(Source records)

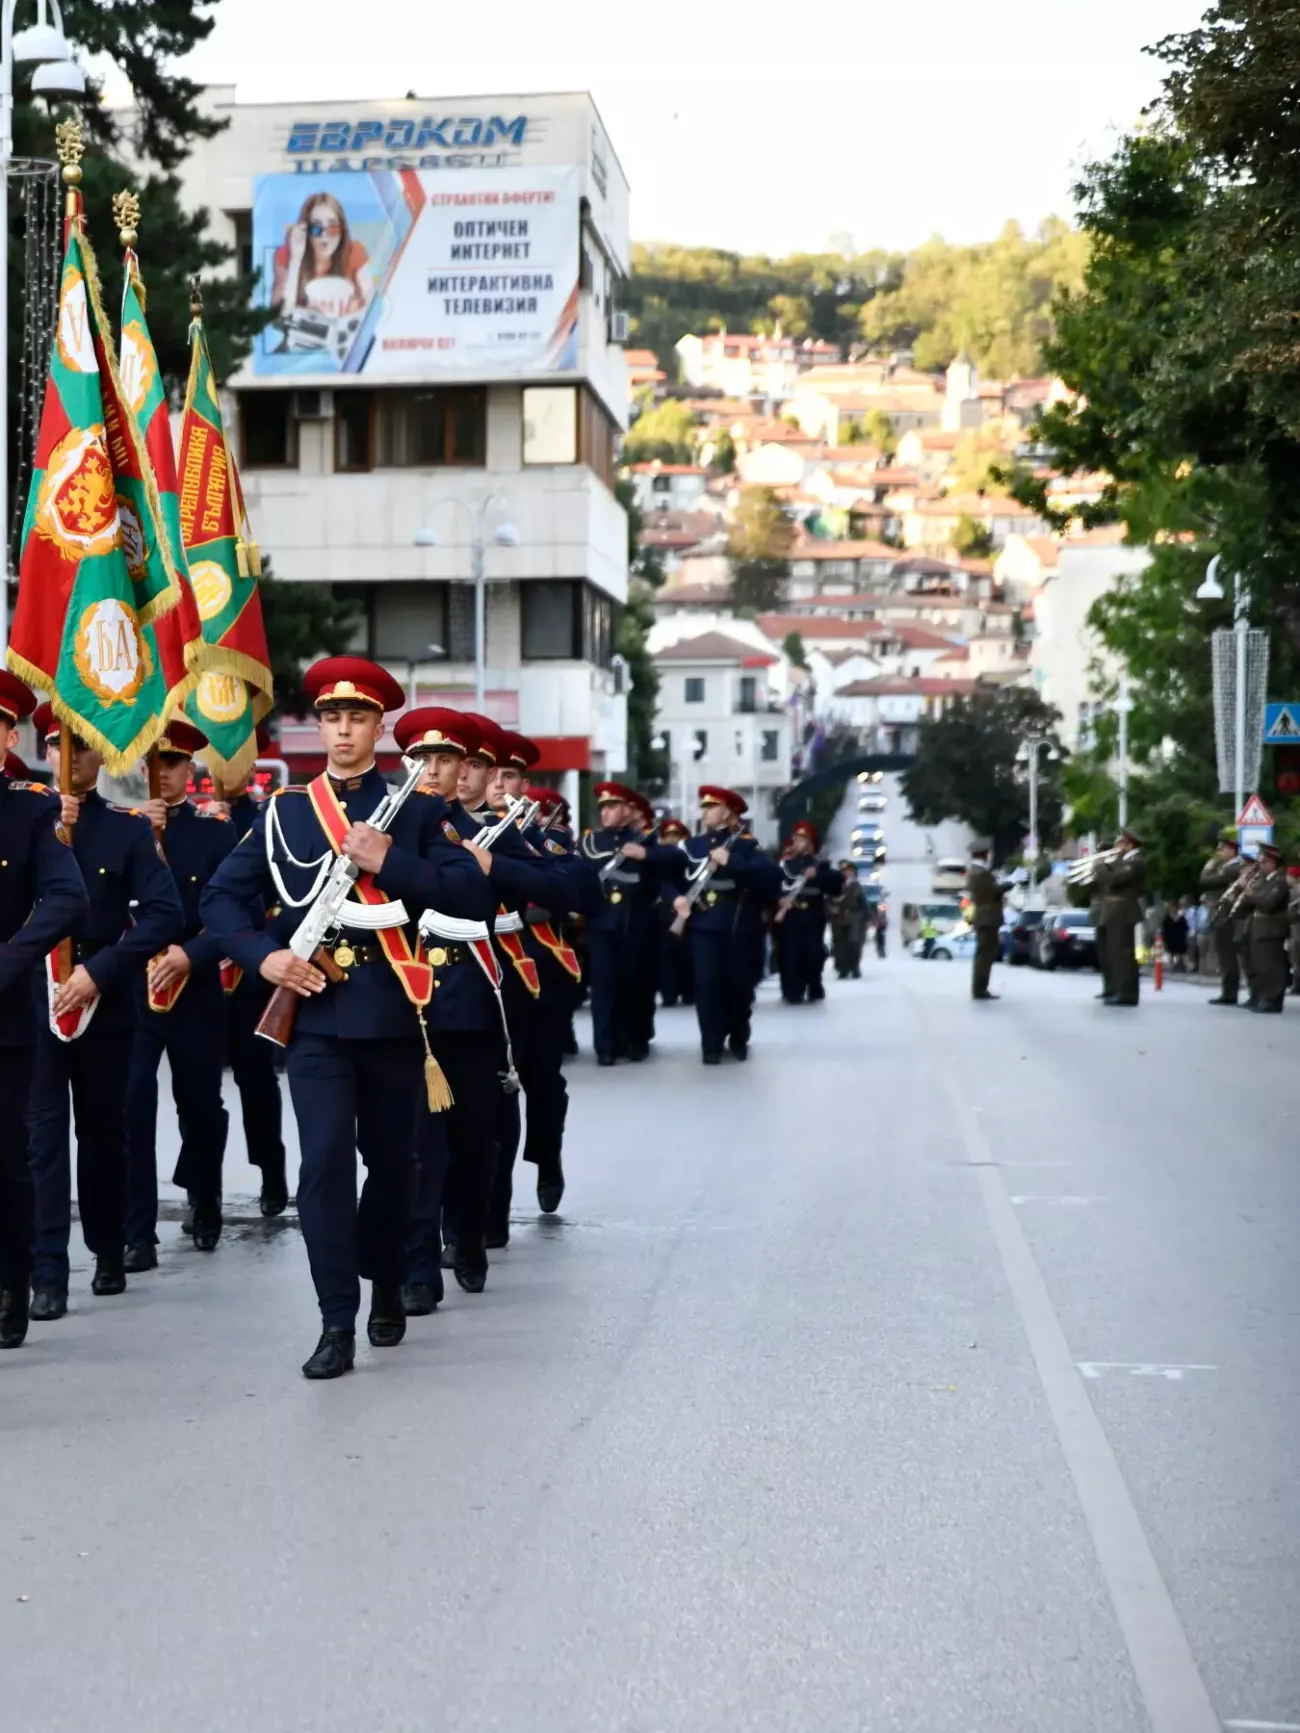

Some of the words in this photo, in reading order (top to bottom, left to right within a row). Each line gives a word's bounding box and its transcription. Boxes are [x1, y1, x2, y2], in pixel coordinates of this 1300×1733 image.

[286, 116, 528, 154] ЕВРОКОМ
[453, 220, 528, 238] ОПТИЧЕН
[450, 242, 531, 261] ИНТЕРНЕТ
[427, 274, 554, 294] ИНТЕРАКТИВНА
[443, 297, 538, 316] ТЕЛЕВИЗИЯ
[179, 425, 209, 520] РЕПУБЛИКА
[201, 444, 227, 533] БЪЛГАРИЯ
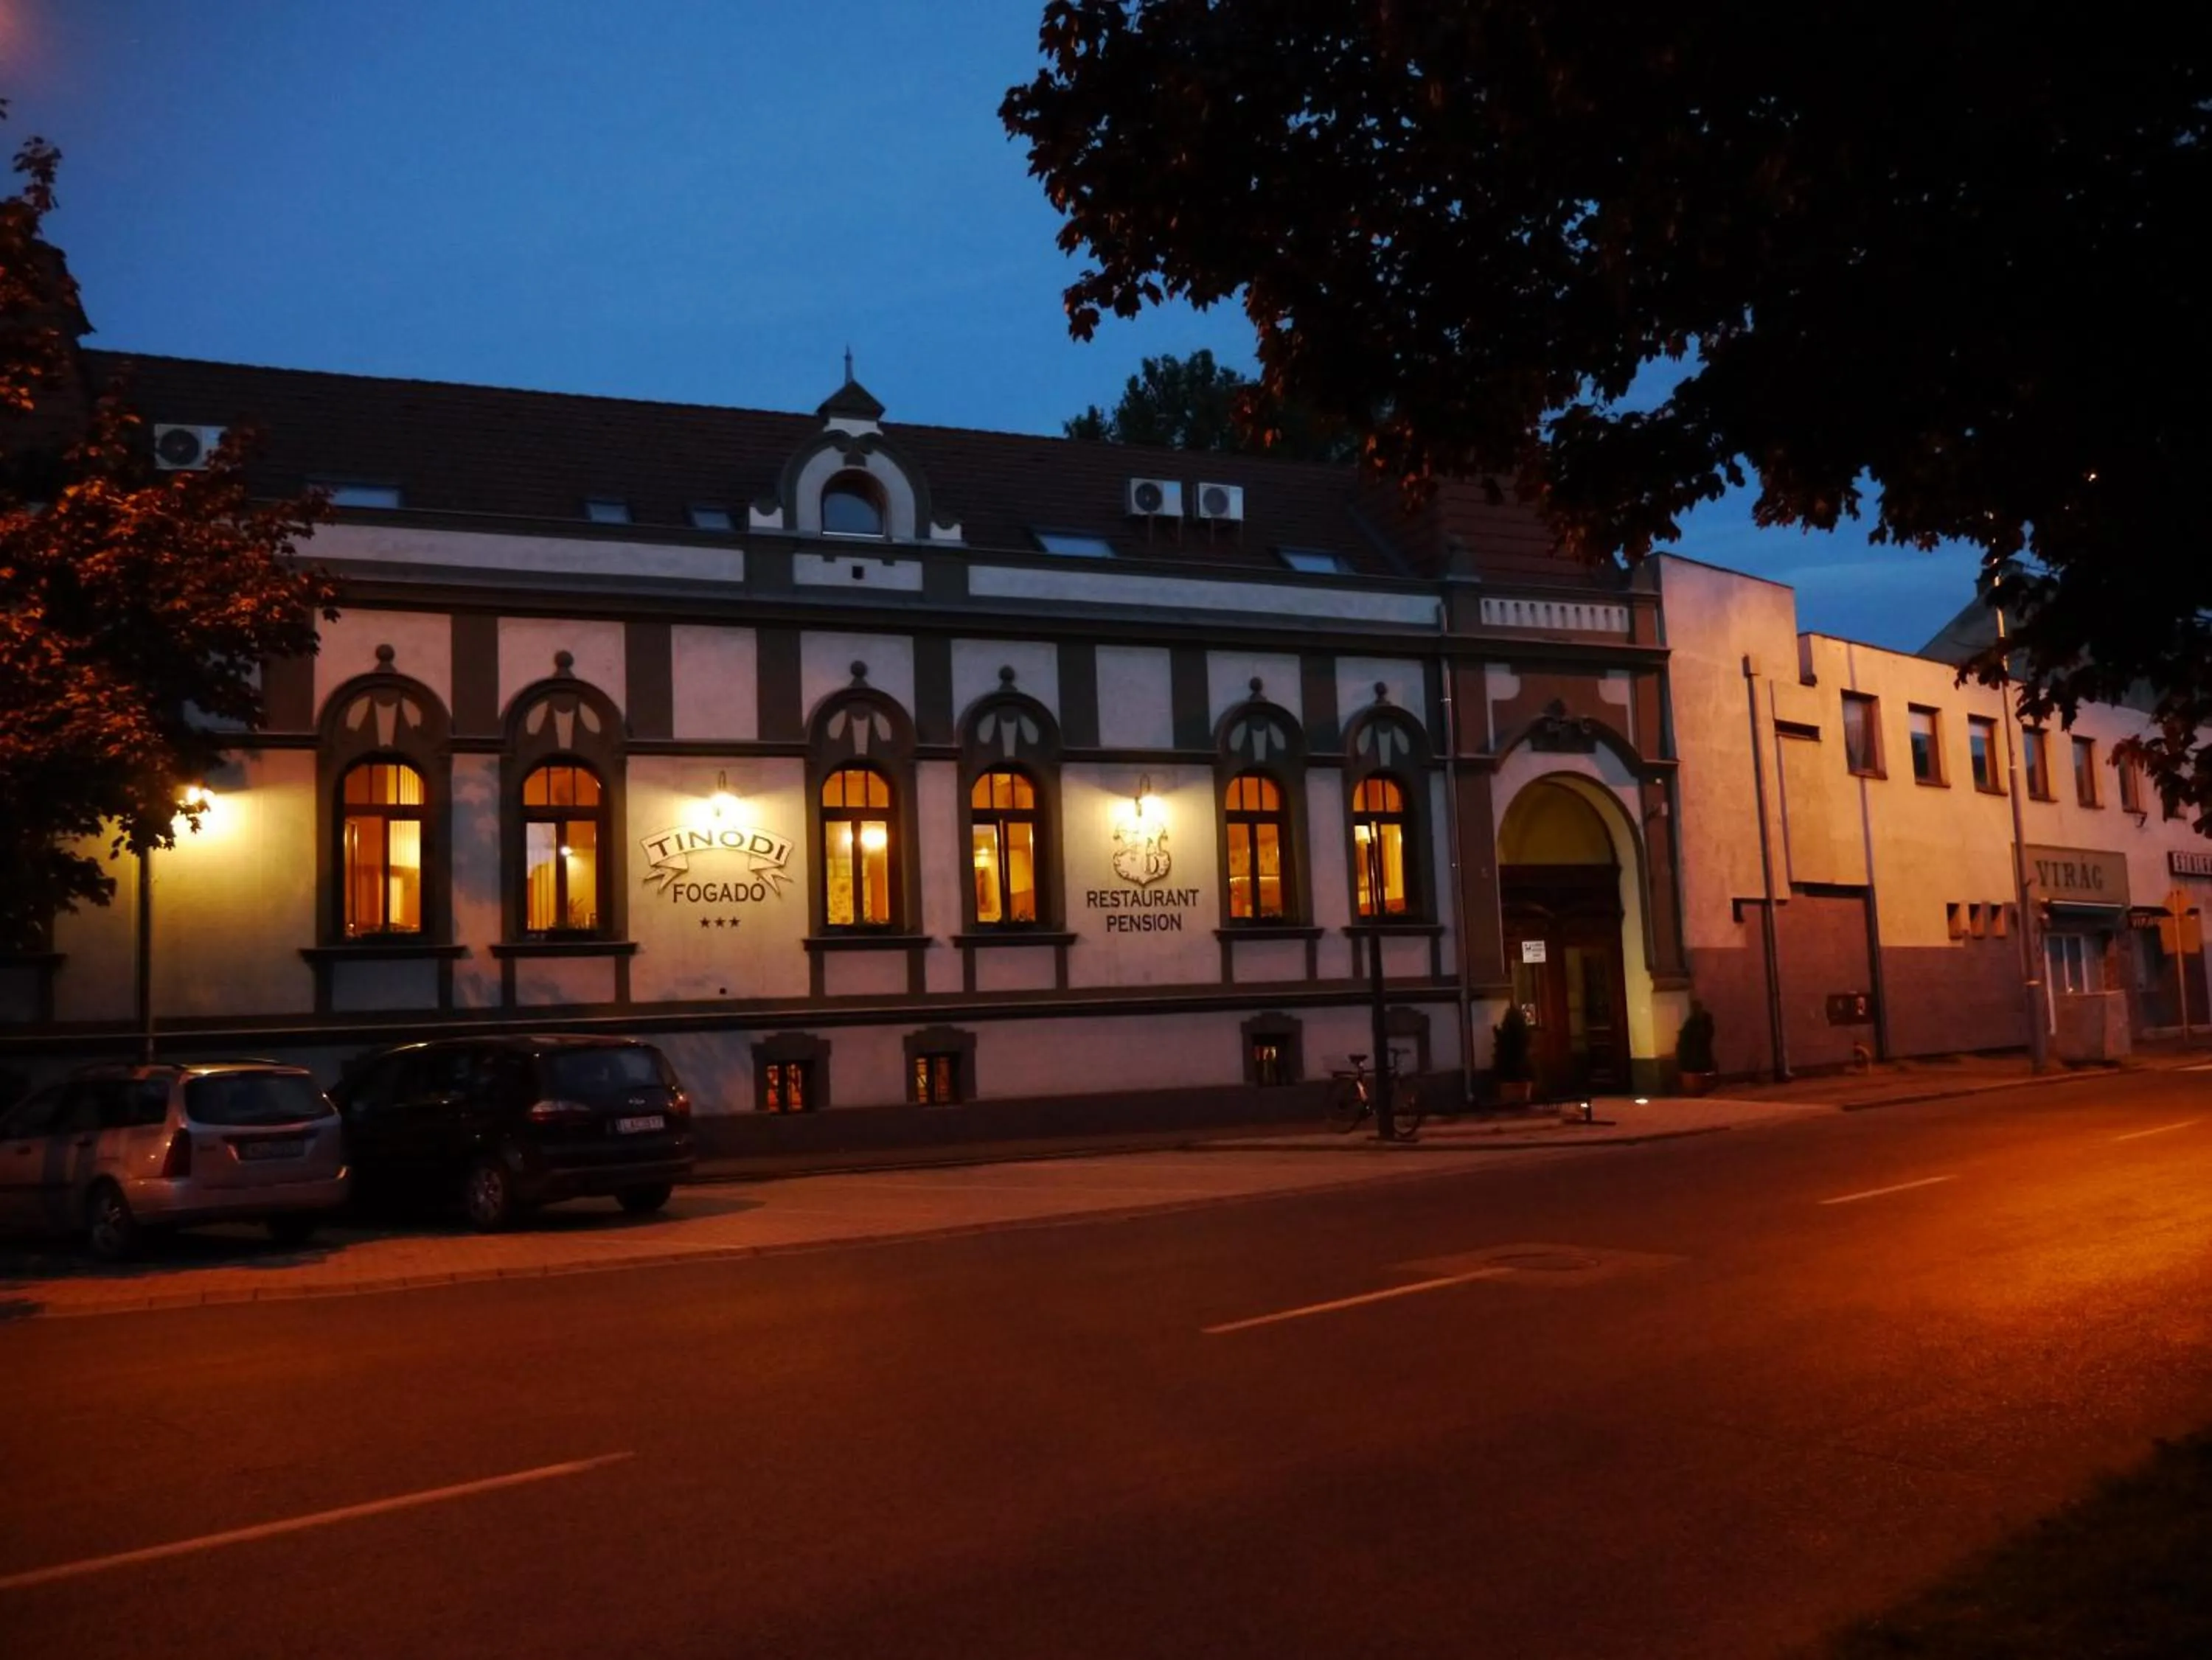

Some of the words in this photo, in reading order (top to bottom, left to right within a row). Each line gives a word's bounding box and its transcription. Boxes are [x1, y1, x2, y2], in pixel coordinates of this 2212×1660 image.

[2034, 855, 2103, 890] VIRÁG
[672, 876, 766, 904] FOGADÓ
[1086, 889, 1199, 908] RESTAURANT
[1107, 914, 1182, 932] PENSION

Task instructions – What is needed is an exact copy of every entry, with the pictures removed.

Expected answer –
Some of the words in this photo, in reading order (top to bottom, left to right within a row). Each line gives a word's bounding box and its transcription. Boxes are [x1, y1, x2, y2], in pixel coordinates of this 1300×1733 image.

[286, 116, 528, 154] ЕВРОКОМ
[453, 220, 528, 238] ОПТИЧЕН
[450, 242, 531, 261] ИНТЕРНЕТ
[427, 274, 554, 294] ИНТЕРАКТИВНА
[443, 297, 538, 316] ТЕЛЕВИЗИЯ
[179, 425, 209, 520] РЕПУБЛИКА
[201, 444, 227, 533] БЪЛГАРИЯ

Some of the words in this photo, in reading order (top to bottom, left to right within a row). Each line gives a word's bounding box and its transcription. Boxes are [x1, y1, x2, y2], in pixel coordinates of this 2212×1660 image.

[2034, 855, 2103, 890] VIRÁG
[672, 876, 766, 904] FOGADÓ
[1086, 889, 1199, 908] RESTAURANT
[1107, 914, 1182, 932] PENSION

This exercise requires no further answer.